In general terms the Erie Lake is the home of a variety and the most important fish species of the world, when the waters are sweet. The fish populations of the lake are the most abundant of the Great Lakes because the relatively mild temperatures of the water enriched for abundant plankton. The Erie Lake is full of “super stars” such as pike, walleye, smallmouth bass, perch, trout, salmon, and the fish smelled whitefish. Among the species before mentioned, which adorn the sea spectacle, we can find the rainbow smelt, the alewife fish, white perch and common carp. It is possible to see the Coho salmon as well, unfortunately the population is declining. There is one sub-specie of walleye called blue pike, which is wrongly named as the blue light. It is a species in danger of extinction, so it is not easy to find them.
Other wonder of the Erie Lake waters is Walleye that is a fish species perciform, a relative of the European pikeperch. In the Erie Lake is possible to find sturgeon, which is the longest fish in these waters, they can grow to three meters long and weigh up to 300 pounds. Most of the sturgeon live in the lake bottom, so it is only possible for expert divers to see the landscape offering there. They are scarce because, unfortunately, this species are in danger of extinction. Other important Erie Lak fish is the lota fish, to which have been attributed various names such as the lawyer fish, eelpout, mudblow, cusk, or freshwater cod.

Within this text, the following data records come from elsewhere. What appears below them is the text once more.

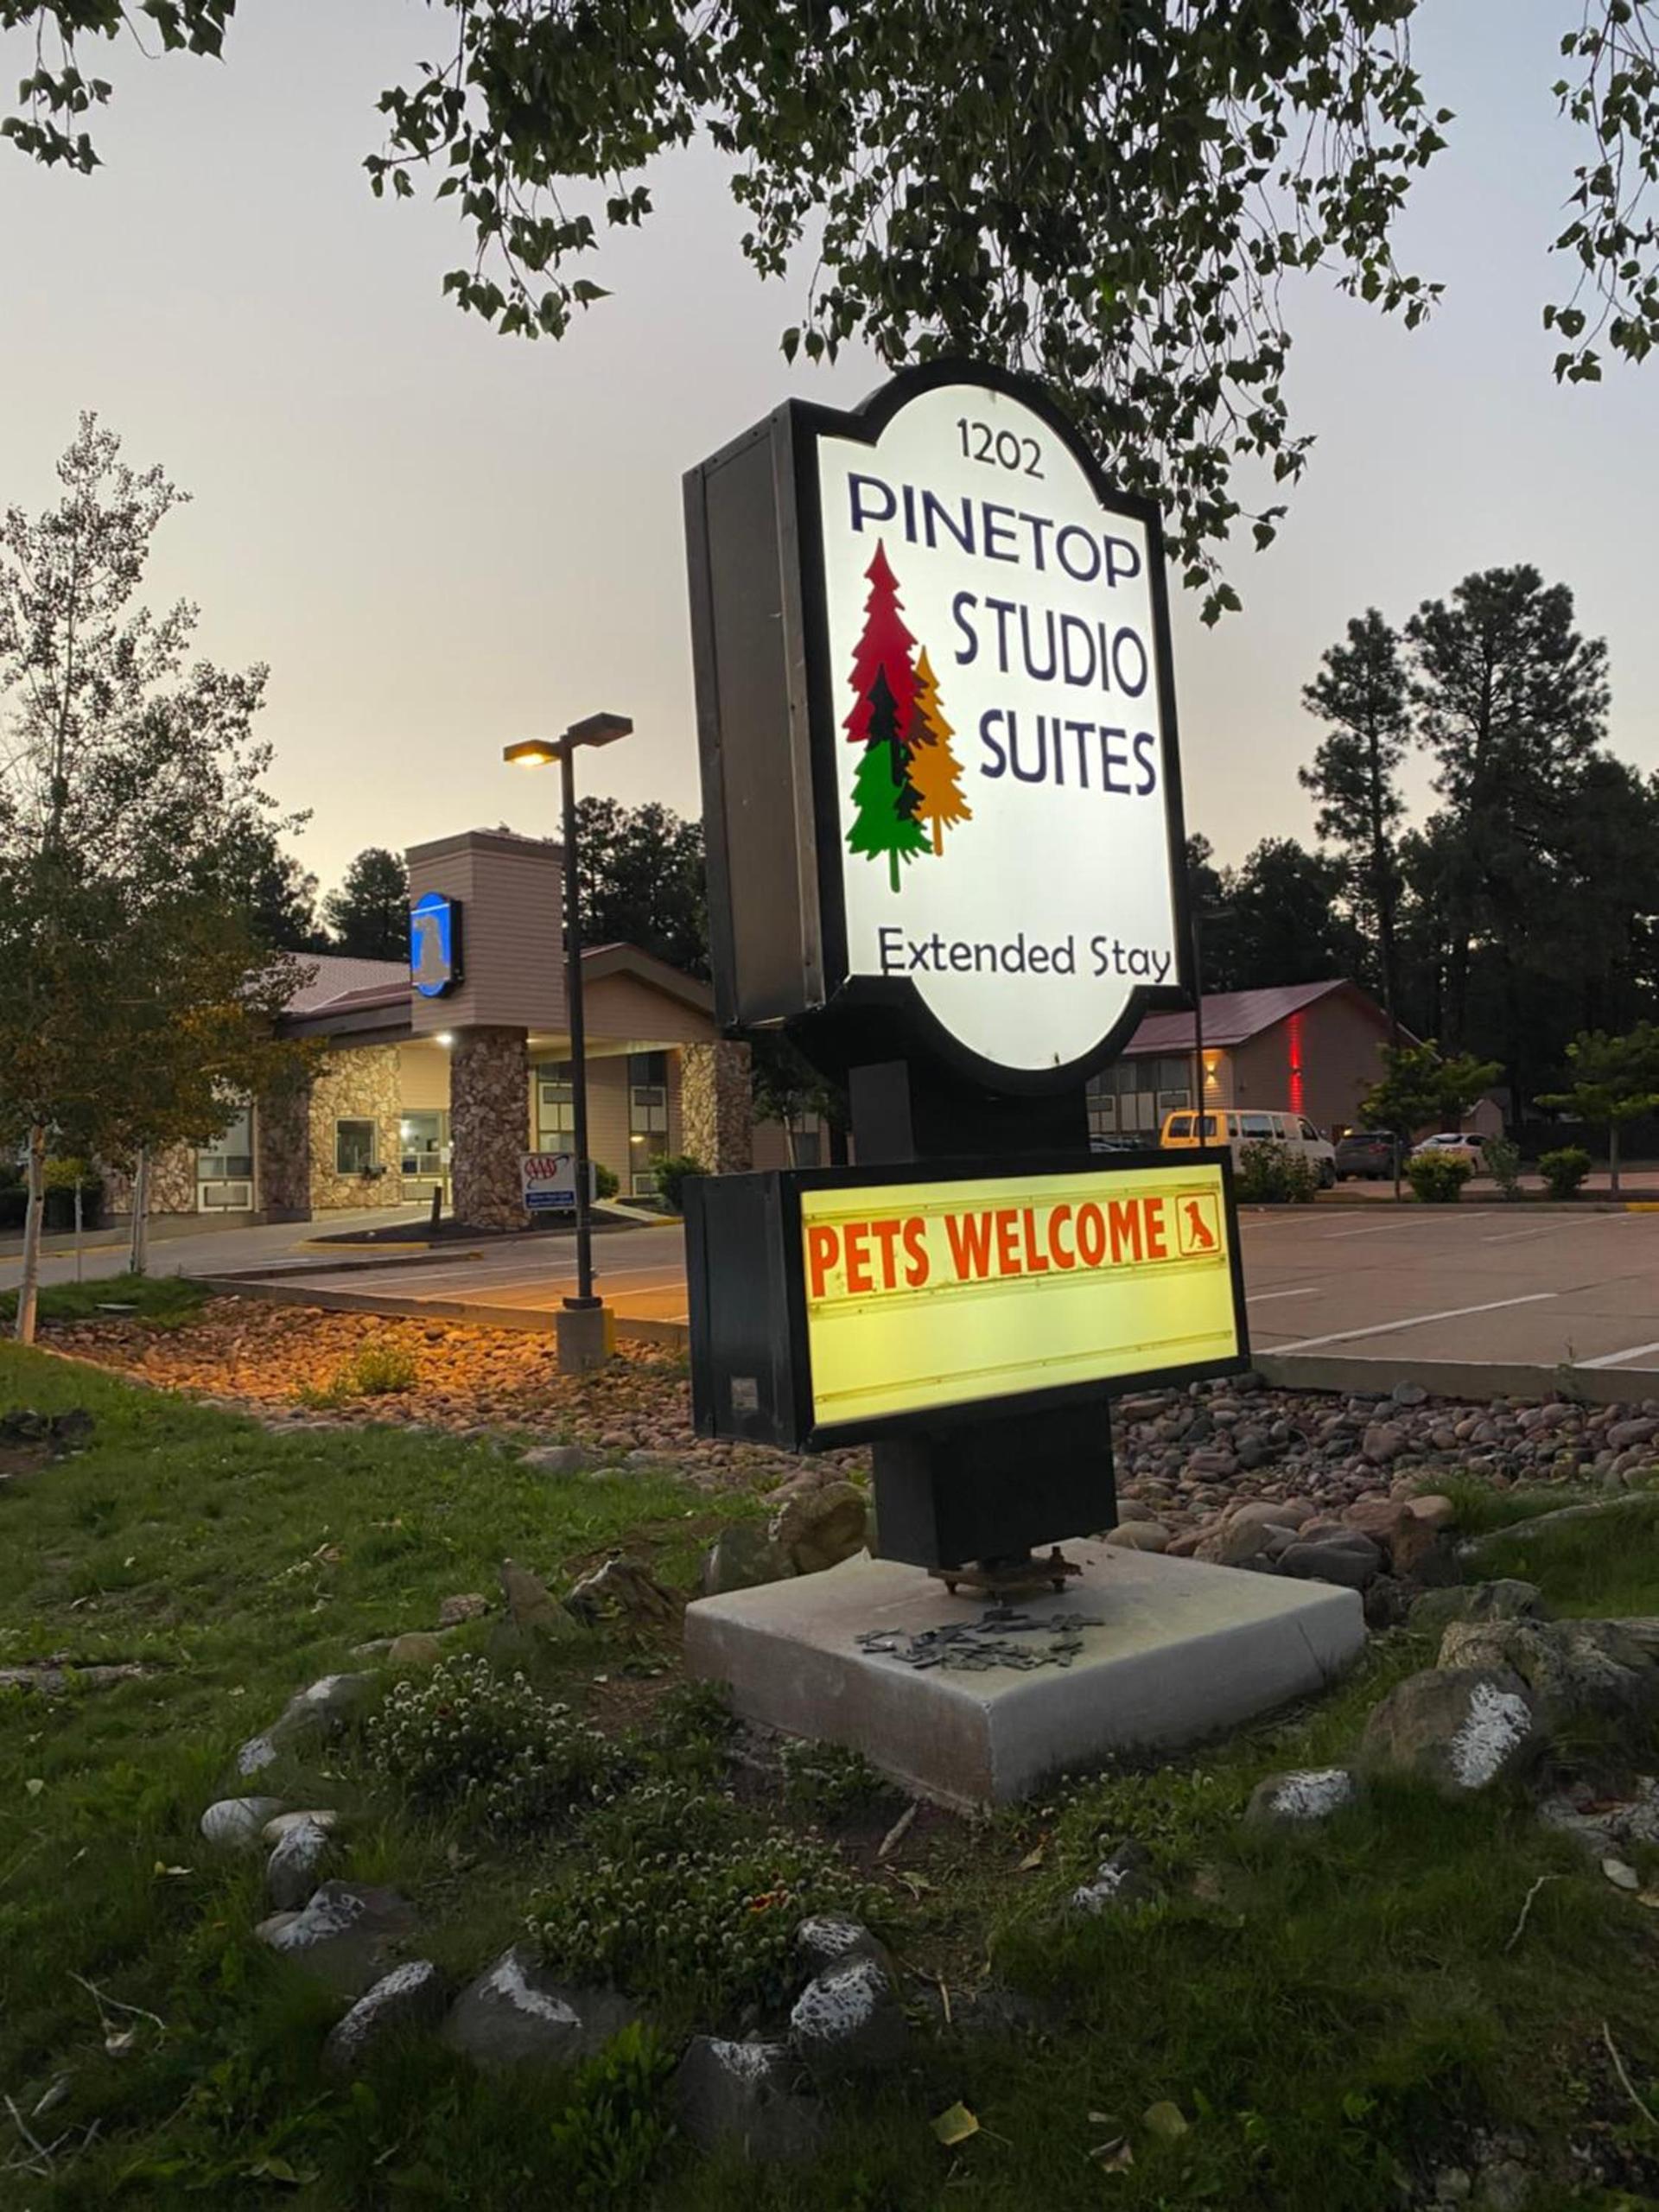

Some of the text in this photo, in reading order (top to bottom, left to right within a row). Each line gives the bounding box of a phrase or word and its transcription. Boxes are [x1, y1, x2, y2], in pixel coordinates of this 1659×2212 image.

[957, 418, 1045, 479] 1202
[849, 473, 1141, 588] PINETOP
[952, 592, 1148, 697] STUDIO
[979, 709, 1156, 795] SUITES
[878, 927, 1172, 983] Extended Stay
[525, 1158, 556, 1179] AAA
[807, 1198, 1167, 1298] PETS WELCOME
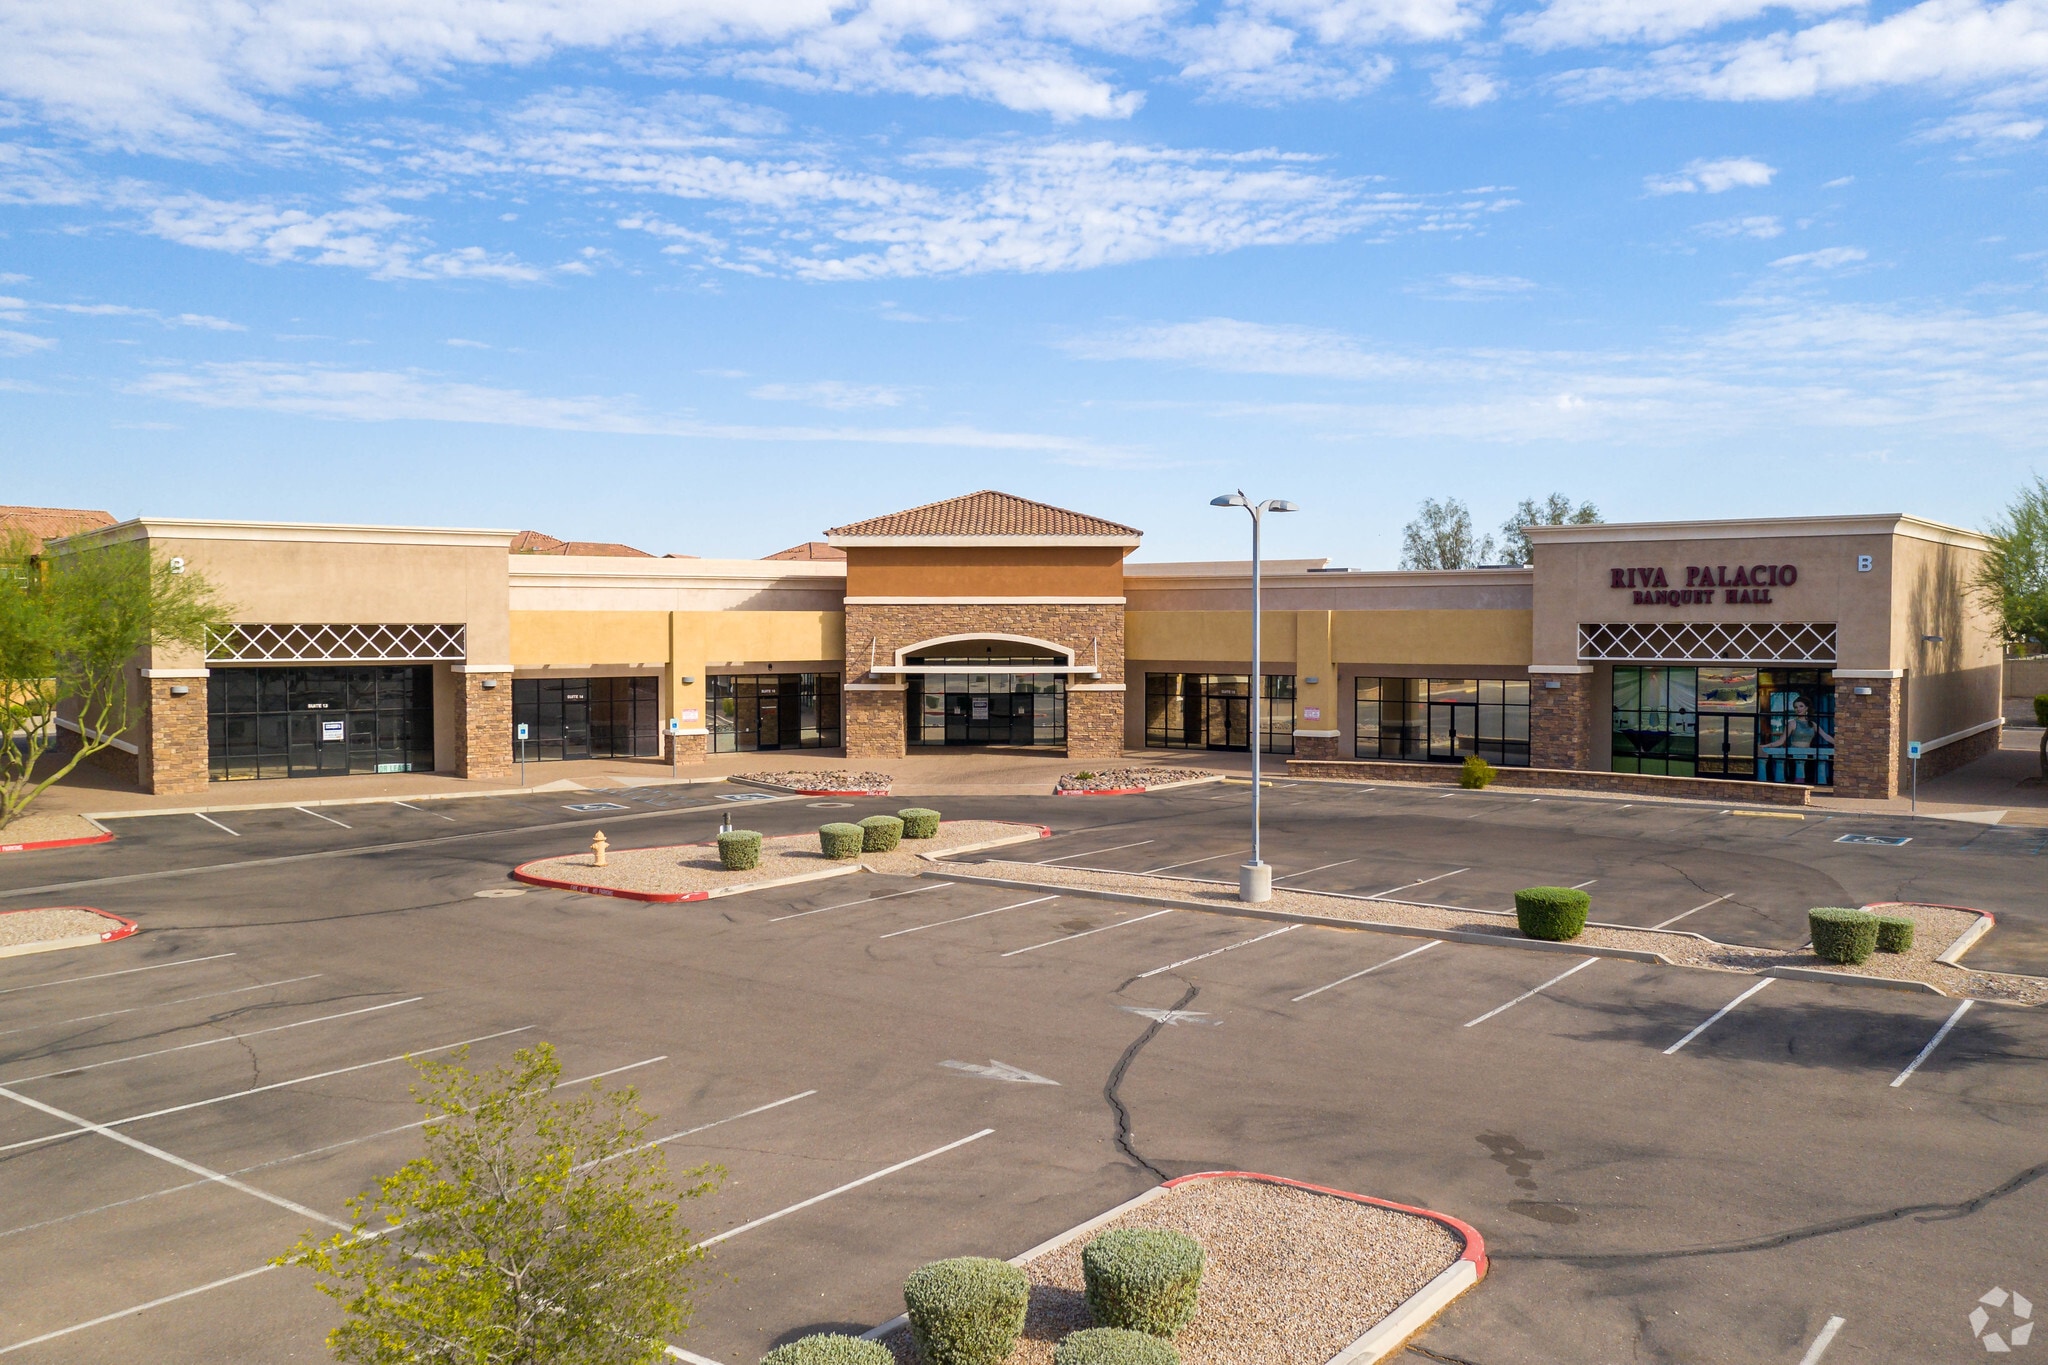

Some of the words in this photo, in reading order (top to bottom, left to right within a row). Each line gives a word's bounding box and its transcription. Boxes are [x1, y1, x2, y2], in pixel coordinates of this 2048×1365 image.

Best Wreck Dives in Erie Lake
On other hand we can find so many wrecks in the Erie Lake, which are the big attraction for divers from all over the world. In the late nineteenth century, a large number of maritime disasters was presented. High winds and strong tides conspired to the shallowness of Lake Erie could be nicely conducive to shipwrecks. The wreck “John J. Boland” is submerged throughout the center of the lake. It rests on her starboard side and many of the structures are in excellent condition. The visibility of the waters accompanying the ship is between 20 and 60 feet. The nice temperature and the moderate streams heled to have more sea life species. Other wreck visited often by divers is “George Whelan.” This steel steam ship was discovered only in 2005 and rest to his port side and is virtually intact.
The visibility of the water harboring this wreck is between 30 and 60 feet. Its temperature is pleasant, so it serves as habitat for a variety of marine life.
The “Oxford” is another important and attractive wreck in the Lake Erie. It rests vertically near the center of the lake. Almost all the structures are in a relatively good condition. The visibility of the waters in which the wreck lies is over 50 feet often. The temperature of these waters is relatively low.